Data to examine »
BEGIN

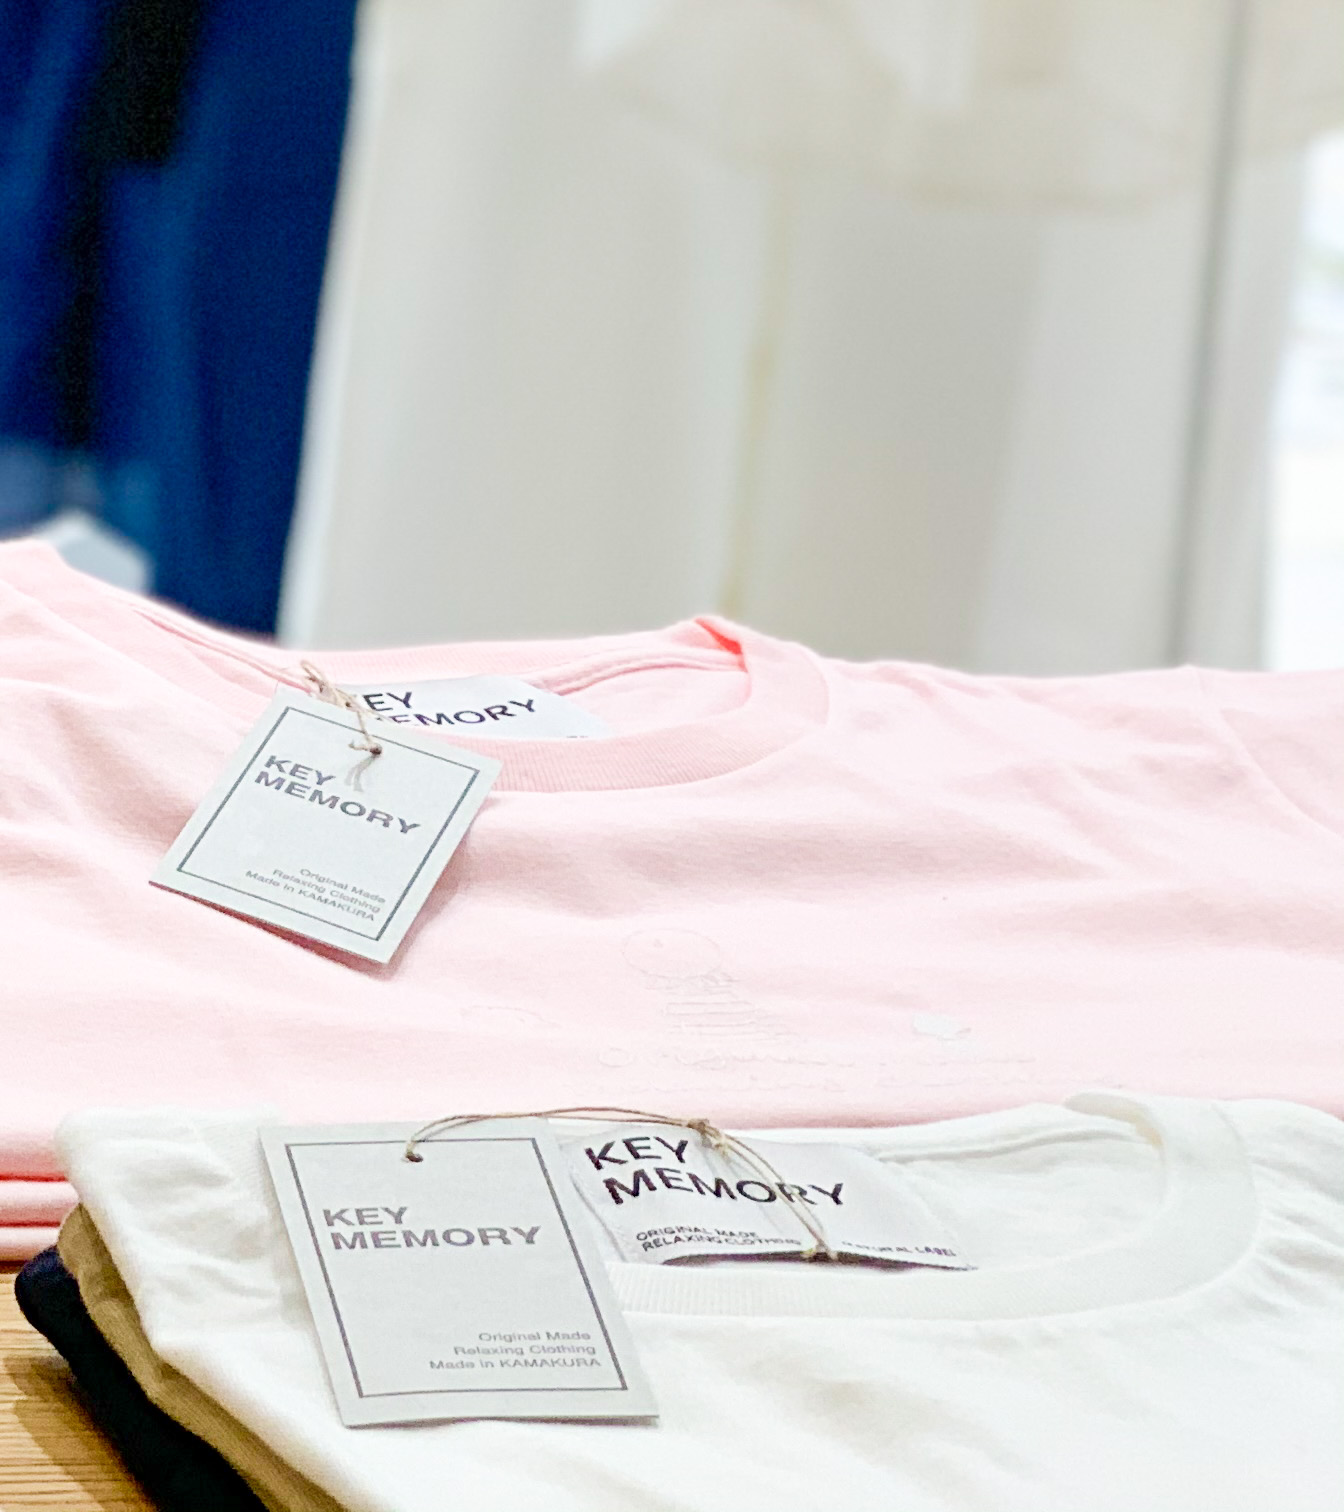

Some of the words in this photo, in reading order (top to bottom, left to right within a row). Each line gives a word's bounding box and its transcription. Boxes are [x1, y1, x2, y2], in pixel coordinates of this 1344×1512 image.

[362, 691, 413, 712] EY
[382, 698, 536, 728] EMORY
[264, 755, 336, 786] KEY
[254, 770, 421, 834] MEMORY
[245, 870, 281, 887] Made
[283, 883, 295, 893] in
[298, 888, 375, 921] KAMAKURA
[272, 869, 326, 894] Relaxing
[329, 889, 381, 914] Clothing
[300, 868, 349, 891] Original
[351, 885, 386, 904] Made
[585, 1136, 689, 1171] KEY
[603, 1167, 843, 1205] MEMORY
[323, 1206, 408, 1227] KEY
[331, 1225, 541, 1250] MEMORY
[636, 1225, 712, 1242] ORIGINAL
[641, 1234, 723, 1252] RELAXING
[454, 1345, 525, 1356] Relaxing
[529, 1344, 596, 1355] Clothing
[478, 1332, 541, 1343] Original
[546, 1331, 591, 1341] Made
[429, 1360, 476, 1370] Made
[480, 1359, 495, 1369] in
[499, 1358, 602, 1369] KAMAKURA
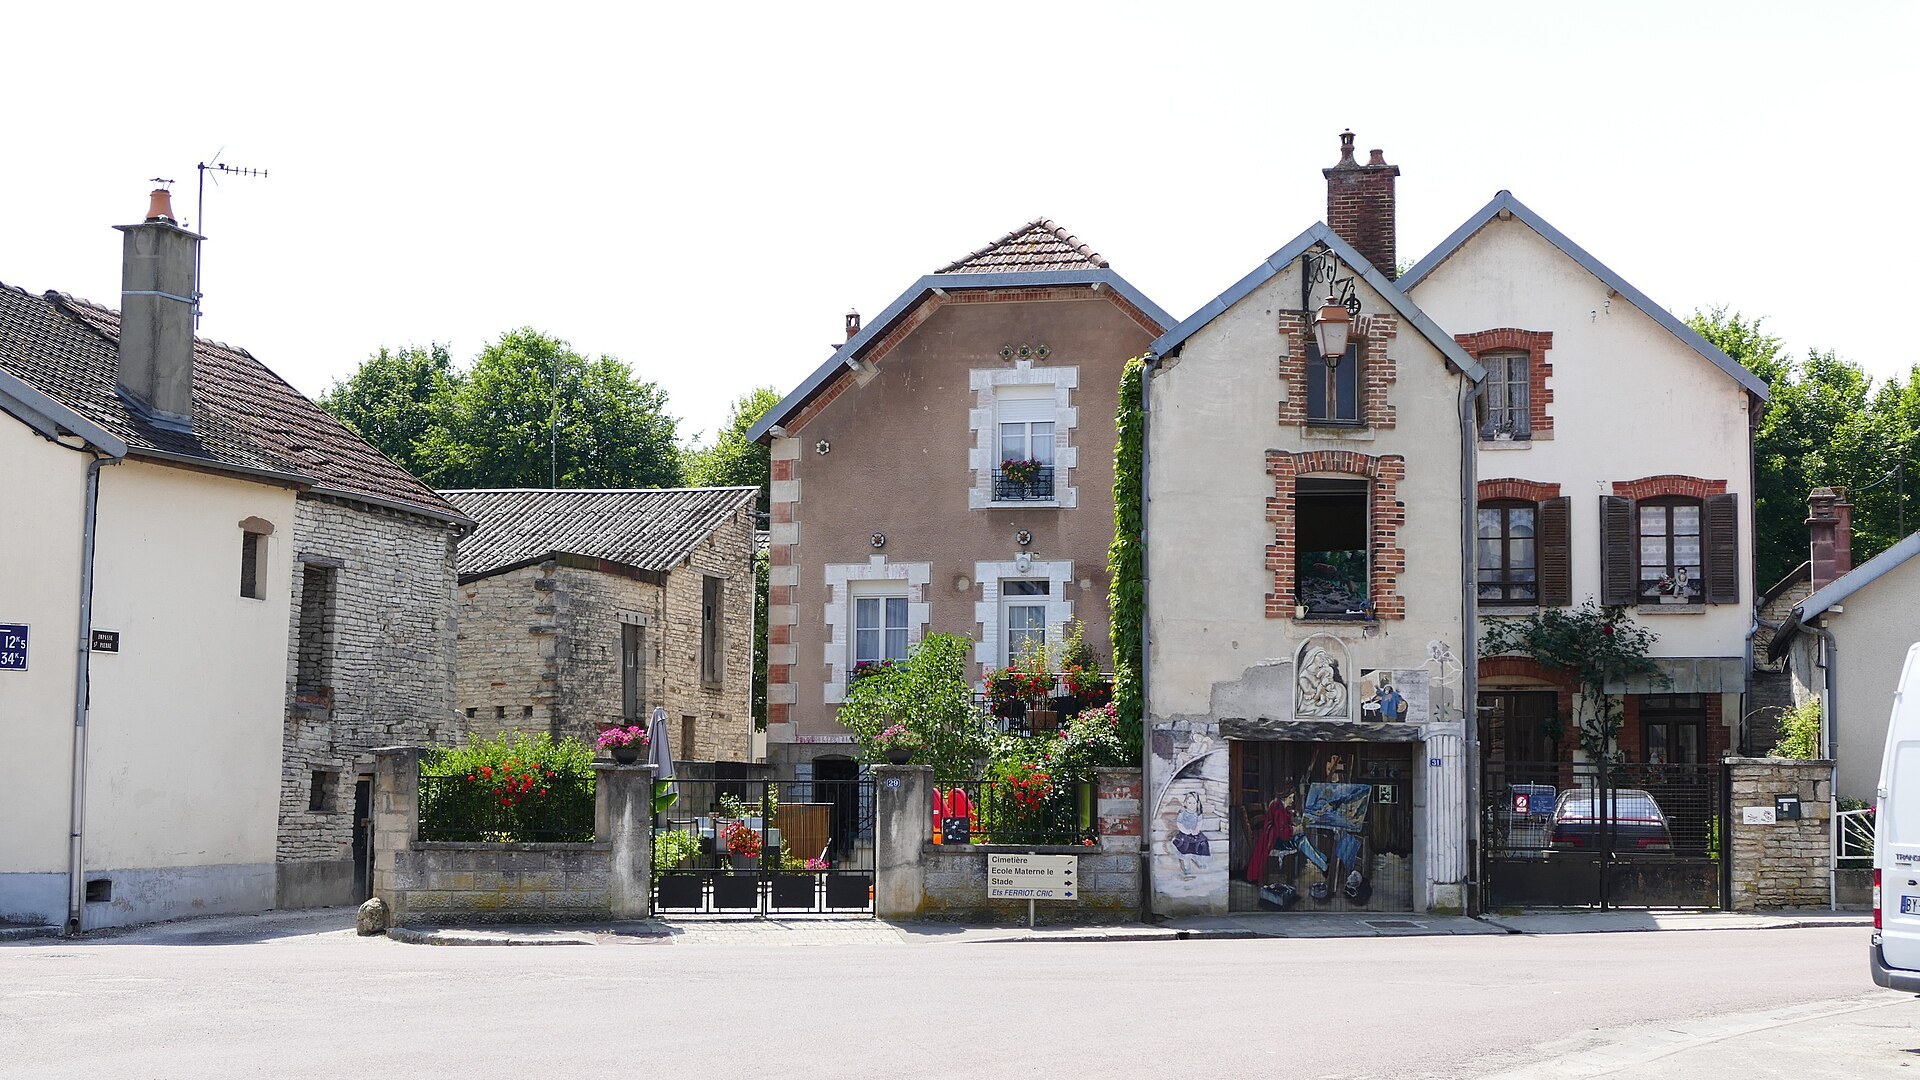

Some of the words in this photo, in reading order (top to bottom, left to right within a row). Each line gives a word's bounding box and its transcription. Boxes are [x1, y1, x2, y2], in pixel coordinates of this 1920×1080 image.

[888, 779, 899, 787] 29
[991, 856, 1028, 864] Cimetière
[991, 867, 1013, 875] Ecole
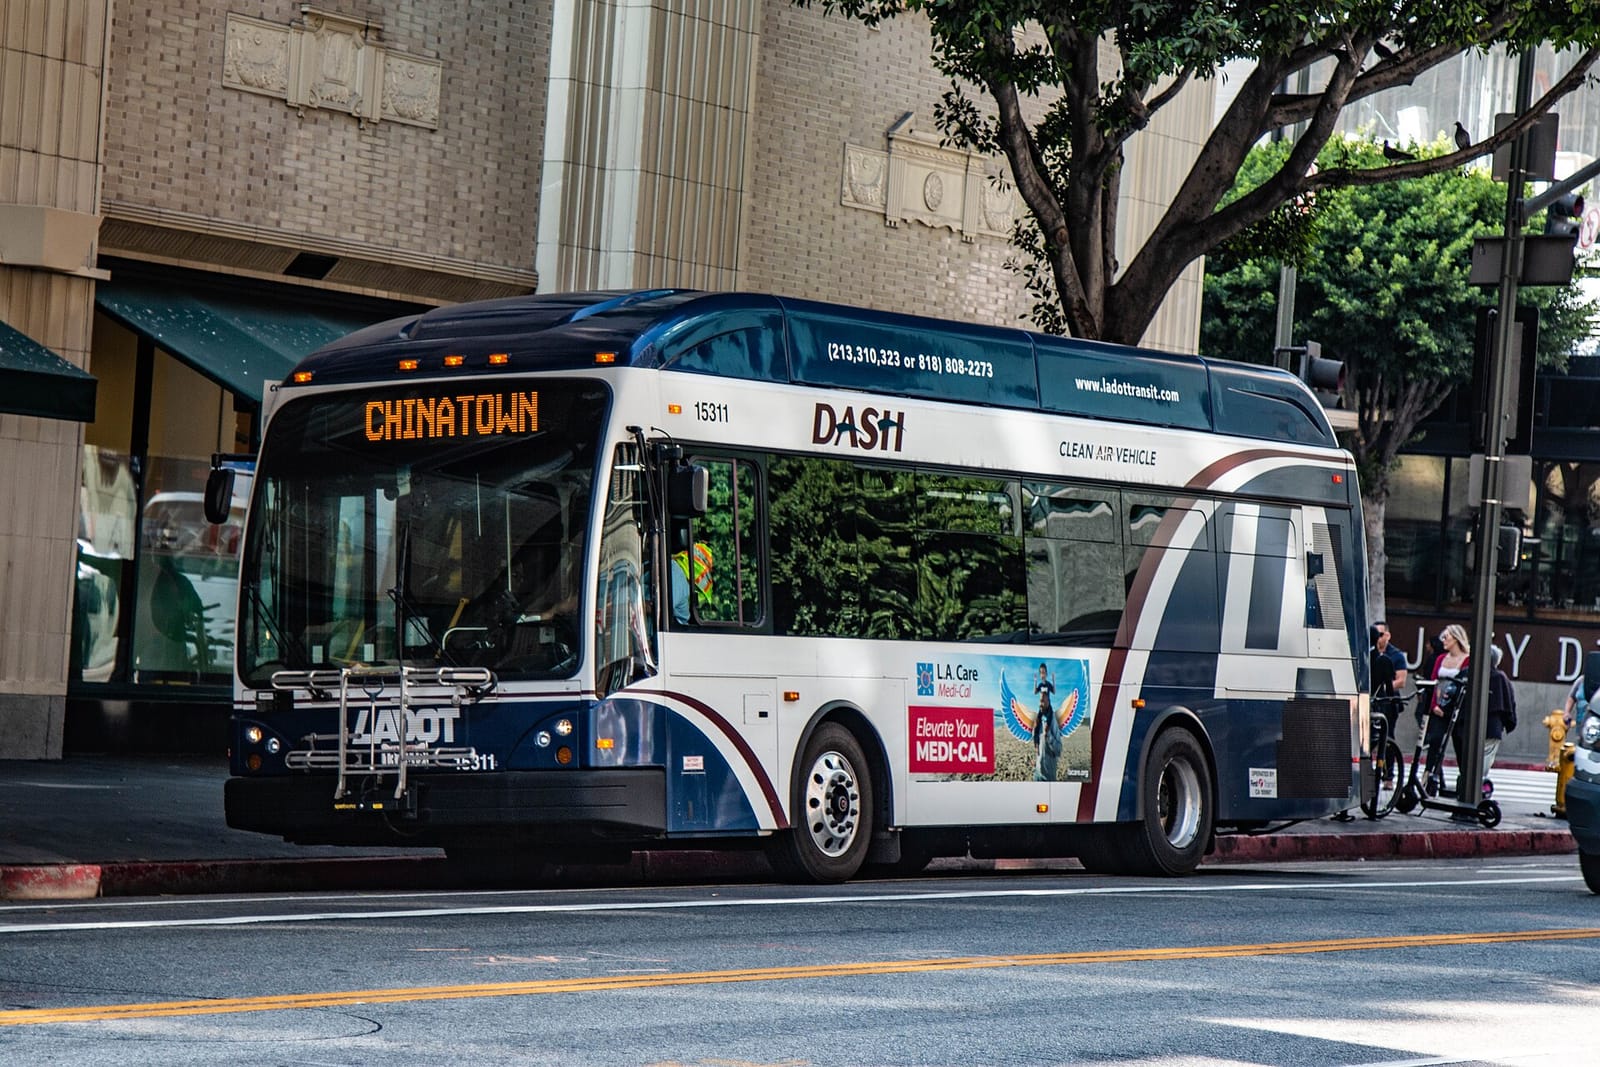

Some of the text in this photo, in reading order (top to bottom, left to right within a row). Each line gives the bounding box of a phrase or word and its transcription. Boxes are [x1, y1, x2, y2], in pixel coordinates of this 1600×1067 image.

[828, 342, 993, 378] (213,310,323 or 818) 808-2273
[1075, 377, 1180, 402] www.ladottransit.com
[365, 391, 538, 441] CHINATOWN
[694, 402, 729, 423] 15311
[812, 403, 906, 452] DASH
[1059, 441, 1157, 466] CLEAN AIR VEHICLE
[937, 663, 978, 681] L.A. Care
[938, 683, 972, 698] Medi-Cal
[352, 707, 460, 745] LADOT
[916, 717, 979, 738] Elevate Your
[916, 740, 988, 763] MEDI-CAL

END

Required work »
Output every record verbatim, excluding any picture it contains.

Final answer »
Some of the words in this photo, in reading order (top to bottom, left to right within a row). Each line gives a word's bounding box and its transcription. Boxes are [x1, y1, x2, y2], in pixel coordinates of this 1344×1512 image.

[362, 691, 413, 712] EY
[382, 698, 536, 728] EMORY
[264, 755, 336, 786] KEY
[254, 770, 421, 834] MEMORY
[245, 870, 281, 887] Made
[283, 883, 295, 893] in
[298, 888, 375, 921] KAMAKURA
[272, 869, 326, 894] Relaxing
[329, 889, 381, 914] Clothing
[300, 868, 349, 891] Original
[351, 885, 386, 904] Made
[585, 1136, 689, 1171] KEY
[603, 1167, 843, 1205] MEMORY
[323, 1206, 408, 1227] KEY
[331, 1225, 541, 1250] MEMORY
[636, 1225, 712, 1242] ORIGINAL
[641, 1234, 723, 1252] RELAXING
[454, 1345, 525, 1356] Relaxing
[529, 1344, 596, 1355] Clothing
[478, 1332, 541, 1343] Original
[546, 1331, 591, 1341] Made
[429, 1360, 476, 1370] Made
[480, 1359, 495, 1369] in
[499, 1358, 602, 1369] KAMAKURA

Some of the words in this photo, in reading order (top to bottom, left to right within a row). Each line gives a word's bounding box and its transcription. Boxes are [x1, y1, x2, y2], in pixel coordinates of this 1920×1080 image.

[888, 779, 899, 787] 29
[991, 856, 1028, 864] Cimetière
[991, 867, 1013, 875] Ecole

Some of the text in this photo, in reading order (top to bottom, left to right within a row). Each line gives the bounding box of a phrase or word and its transcription. Boxes are [x1, y1, x2, y2], in pixel coordinates of this 1600×1067 image.

[828, 342, 993, 378] (213,310,323 or 818) 808-2273
[1075, 377, 1180, 402] www.ladottransit.com
[365, 391, 538, 441] CHINATOWN
[694, 402, 729, 423] 15311
[812, 403, 906, 452] DASH
[1059, 441, 1157, 466] CLEAN AIR VEHICLE
[937, 663, 978, 681] L.A. Care
[938, 683, 972, 698] Medi-Cal
[352, 707, 460, 745] LADOT
[916, 717, 979, 738] Elevate Your
[916, 740, 988, 763] MEDI-CAL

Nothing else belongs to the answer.